Otros columnistas del WP

 

   

Ellen Goodman – Boston Con las cosas como están, me entusiasma que algún periódico esté contratando plantilla. Y cuando alguien aterriza en un puesto de periodismo, estoy dispuesta a descorchar el champán. Pero encuentro amargo el trago de que el New York Post haya contratado a Ashley Dupre.

Dupre, recordará usted, es la prostituta del escándalo que tumbó al Gobernador de Nueva York Eliot Spitzer y arrojó a los lobos a otra esposa pasando el trago. En aquella época, el Post publicó un titular de una sola palabra: «Hooked» — sorprendido con una prostituta. Ahora ellos han contratado a la prostituta para ser columnista de consejos. Es igual que contratar a Bernie Madoff como columnista de consejo financiero.

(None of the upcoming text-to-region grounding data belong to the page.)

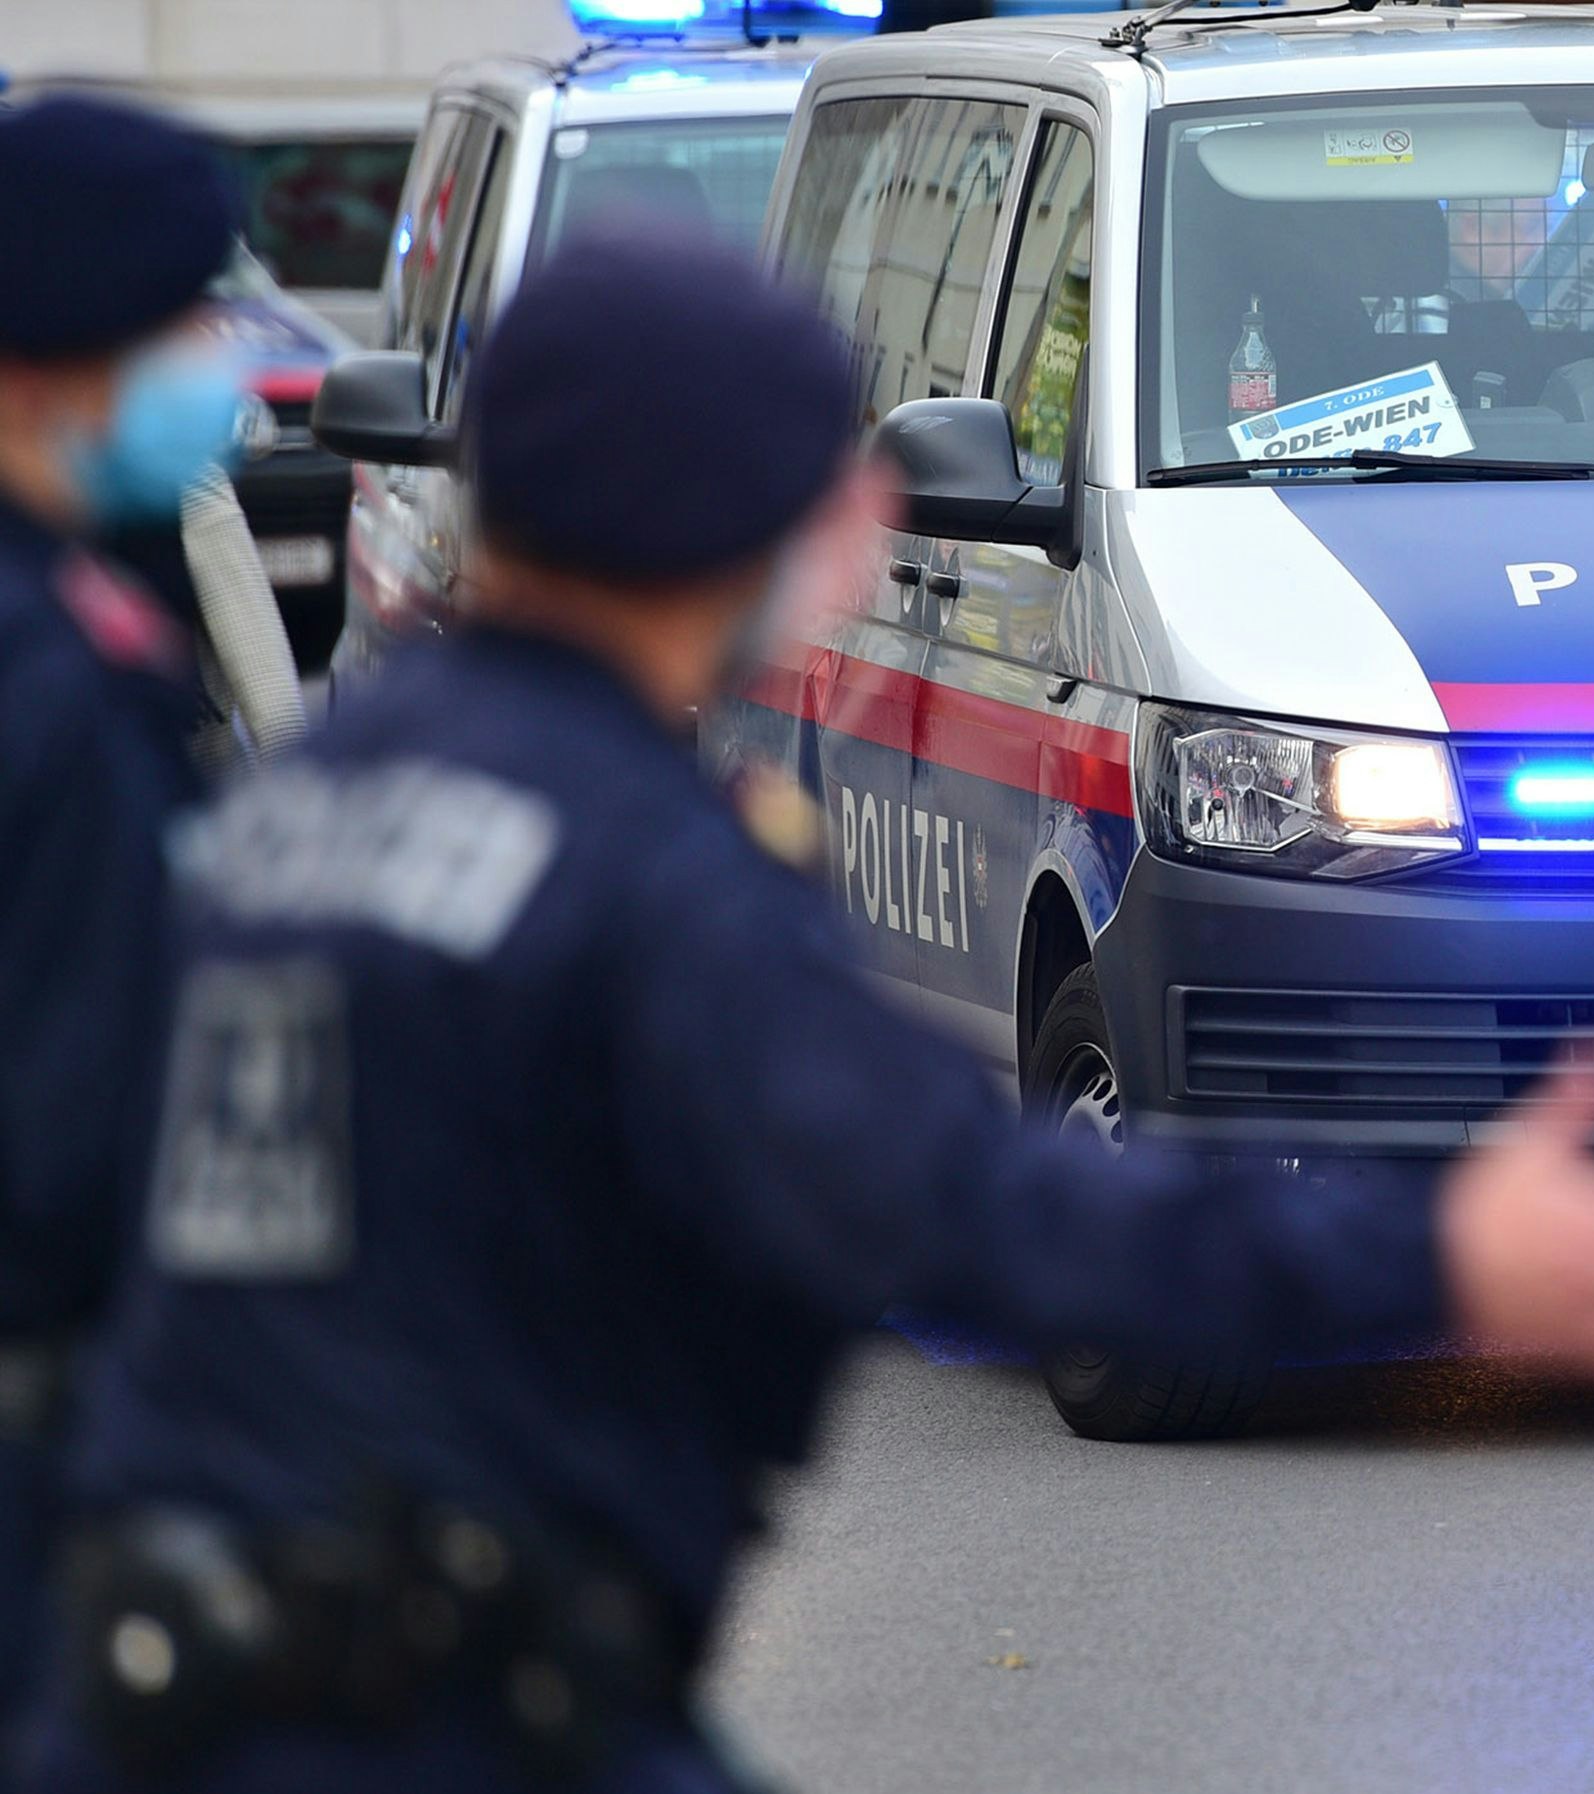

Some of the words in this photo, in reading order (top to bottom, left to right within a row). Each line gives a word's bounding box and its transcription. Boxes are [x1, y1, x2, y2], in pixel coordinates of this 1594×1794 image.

[1323, 401, 1339, 411] 7.
[1343, 385, 1385, 405] ODE
[1263, 395, 1430, 459] ODE-WIEN
[1383, 422, 1442, 451] 847
[841, 785, 970, 953] POLIZEI

En un video de presentación con voz de niña, resuena «Hola, me llamo Ashley Dupre. Solía ocupar la portada del New York Post, ahora trabajo en él». ¿Eso haces cariño? «¿Sigue su hija el camino de la perdición? ¿Hay alguna señal que indica que su marido no está contento con su matrimonio? Disparad, lectores. Confiad en mi, alguien que en el pasado hubiera agradecido algún consejo: No hay como aprender de las experiencias de otro».

Publicidad

Puede que sea una cínica, pero de alguna manera creo que el Post no estaba motivado por el deseo de devolver al buen camino a una señorita (de compañía) con el arroz algo pasado. La nueva vida de Dupre no es una reforma. Es la confirmación, por si nos hacía falta, de que no queda vergüenza en el juego.

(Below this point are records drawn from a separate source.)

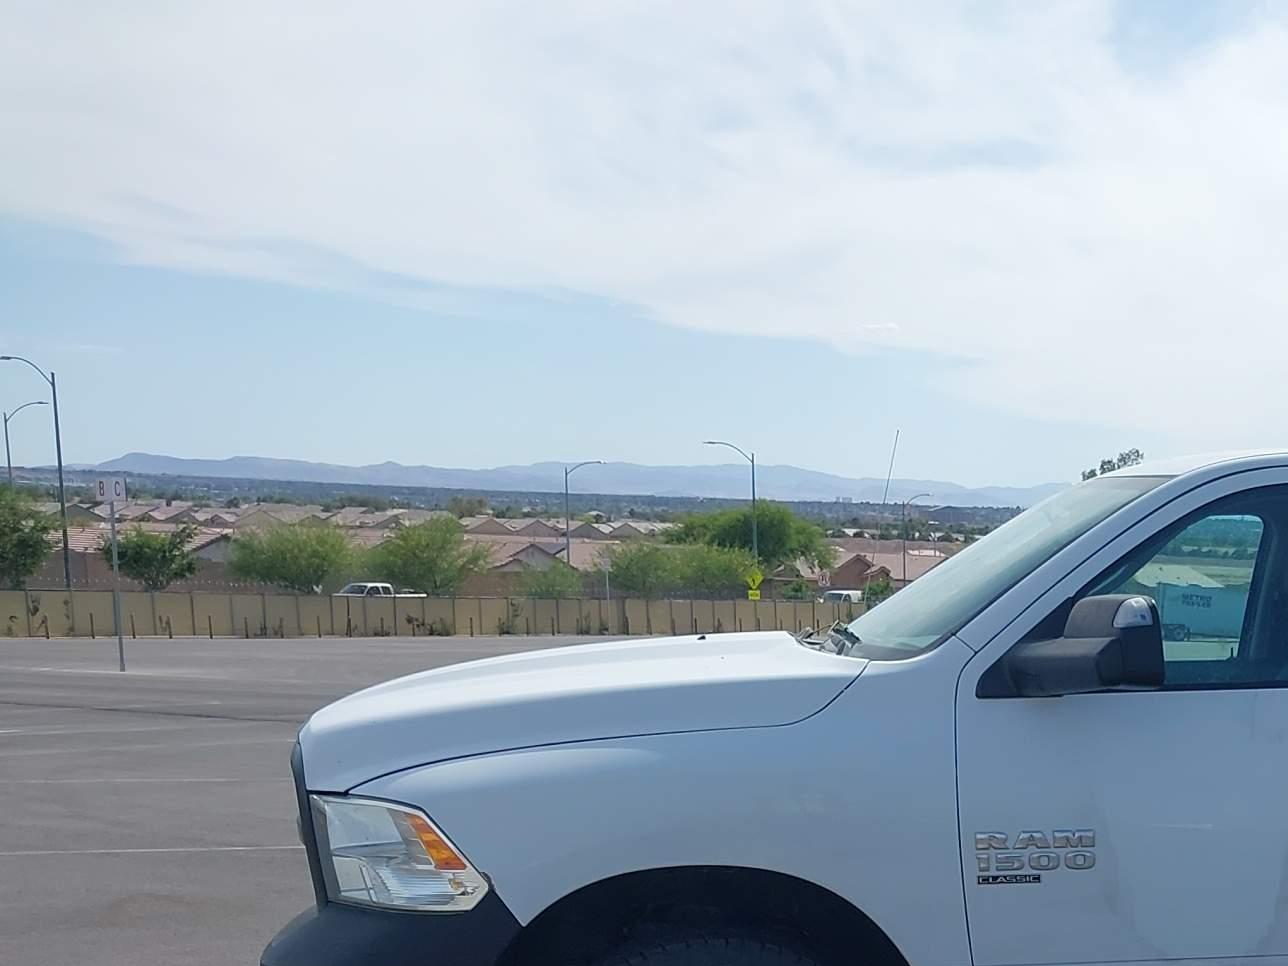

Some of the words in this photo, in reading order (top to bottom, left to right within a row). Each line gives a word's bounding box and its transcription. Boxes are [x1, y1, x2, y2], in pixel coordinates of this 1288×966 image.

[98, 480, 104, 496] B
[114, 480, 121, 496] C
[976, 829, 1096, 850] RAM
[976, 850, 1096, 872] 1500
[979, 874, 1040, 883] CLASSIC

«Qué vergüenza» no es el tipo de frase que me haga sellar la boca. Todavía no soy una dama entrada en años con zapatos deportivos manejando mi sombrilla bajo el ocaso de la decencia. Los estándares de contratación del Post no quedan muy lejos de los de la Universidad de Harvard, cuyo centro de ética invitaba a Spitzer a dar una conferencia.
Además, en realidad no es éste el escándalo del momento. El ganador de ese trofeo es Tiger Woods, y la cifra creciente de mujeres en su marcador. Hemos visto a paparazzo sacando primeros planos del dedo de Elin sin el anillo de casada. Hemos visto a columnistas escribir sobre algo de lo que no deberían estar escribiendo. Hemos visto a lectores echando pestes de los fanáticos del cotilleo al tiempo que manifiestan un conocimiento enciclopédico del palo que rompió el parabrisas del Escalade.

Pero mientras que Tiger está recluido en su domicilio haciendo recopilación de sus mensajes de texto y contemplando cómo se vapulea su imagen, «las otras» no han pagado ningún precio. En la práctica, a algunas se les está pagando un precio. No están preocupadas por su anonimato. Ni el de muchas partes de su cuerpo.

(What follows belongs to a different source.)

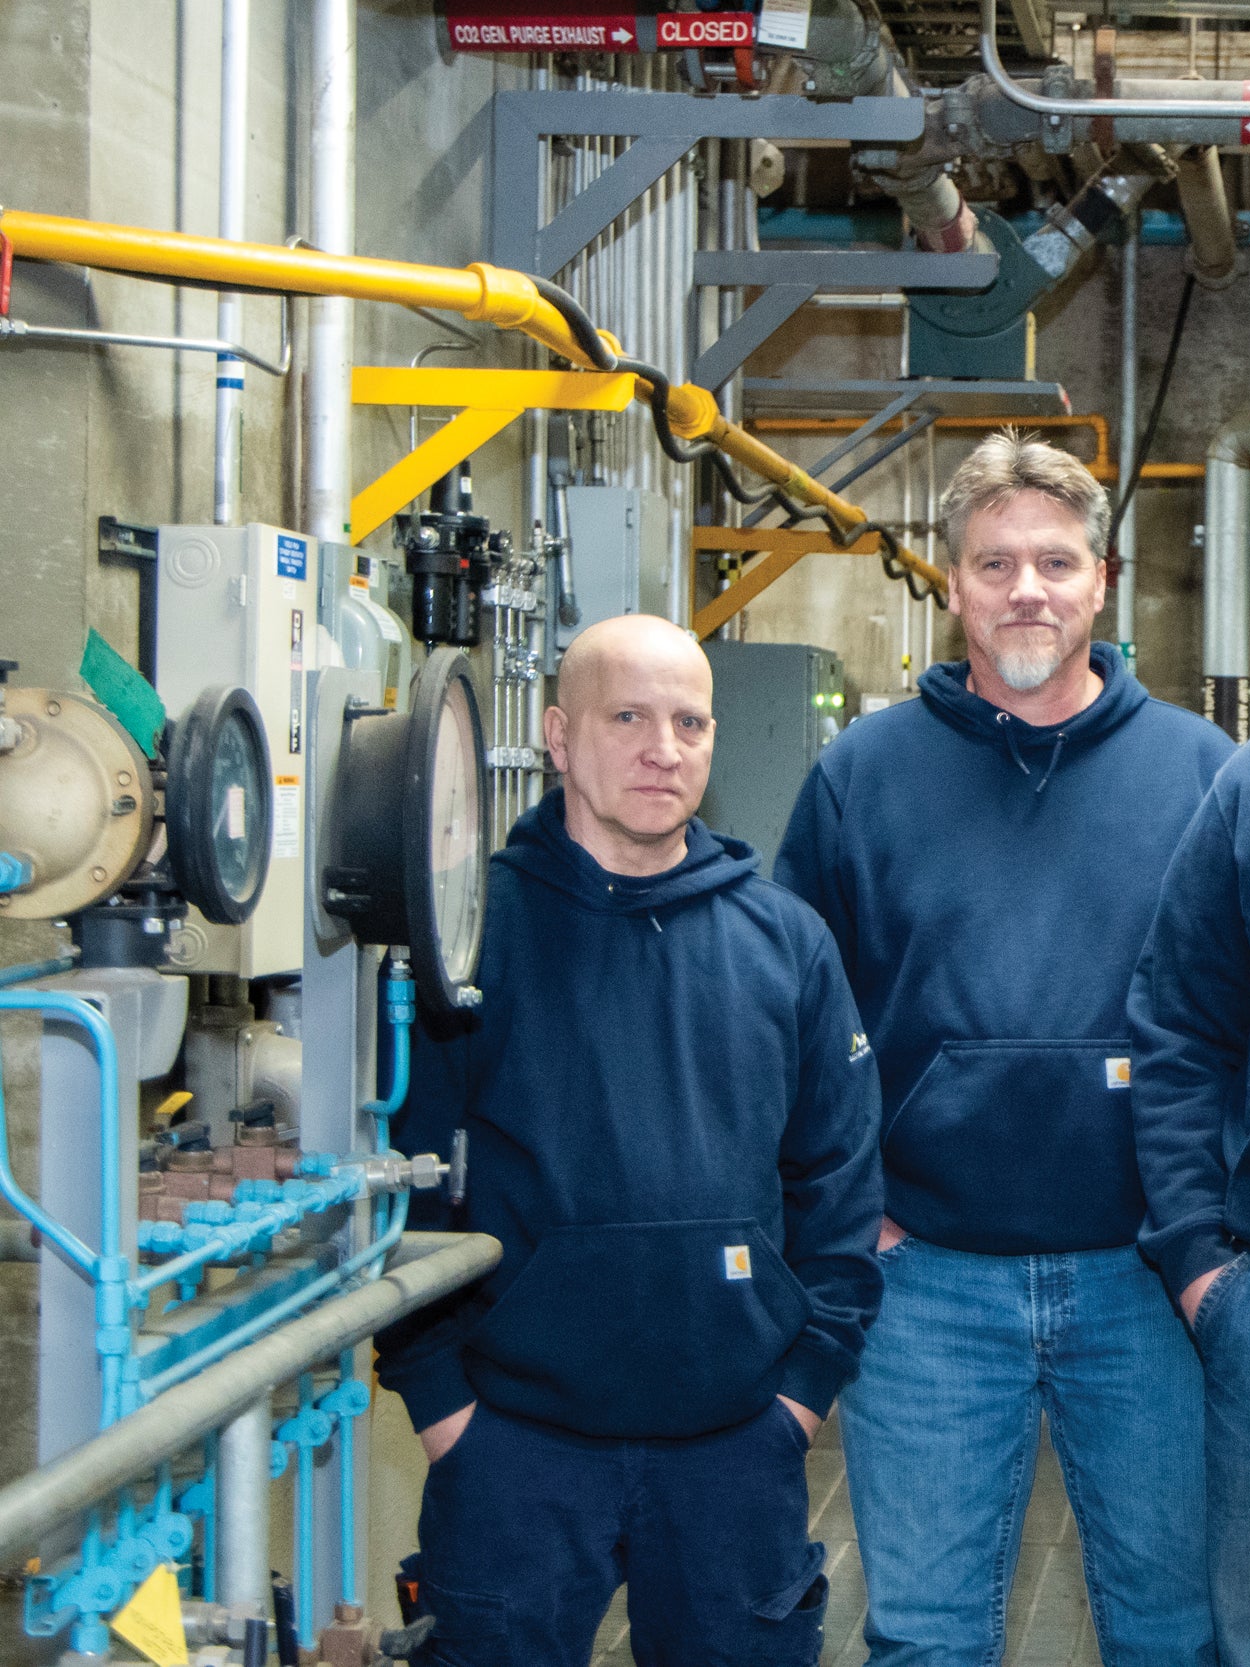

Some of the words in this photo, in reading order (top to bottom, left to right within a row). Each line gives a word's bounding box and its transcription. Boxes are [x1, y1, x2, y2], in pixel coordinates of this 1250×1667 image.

Si, como dicen los antropólogos, la vergüenza procede de la violación de las normas culturales, parece que hemos encontrado una nueva norma cultural: la fama. La notoriedad ya no es tan notoria. Si Hester Prynne estuviera viva, no sería motivo de una novela, sería autora de unas memorias con fotografías de un encuentro con Arthur Dimmesdale tomadas con el teléfono móvil.

Pero basta de sexo y descaro. ¿Hablamos de dinero? Mientras Dupre hacía su debut, la atención se centraba en los banqueros de Wall Street. Como decía el Presidente Obama en «60 Minutes», «No me presenté a las elecciones para ayudar a un puñado de banqueros industriales». Los banqueros que eran demasiado importantes para permitir su quiebra cogieron su dinero público del rescate y huyeron, y después devolvieron gran parte para poder volver a sus generosas costumbres de remuneración. Ellos son la última encarnación de los ejecutivos que son pagados por no hacer nada y de los amos del universo convencidos de merecer estar en el lado bueno de la diferencia salarial.
Cuando una docena de banqueros fueron invitados a la Casa Blanca el lunes, 3 no asistieron. El mal tiempo aplazó sus vuelos. Bueno, yo tengo una palabra para esos banqueros: tren.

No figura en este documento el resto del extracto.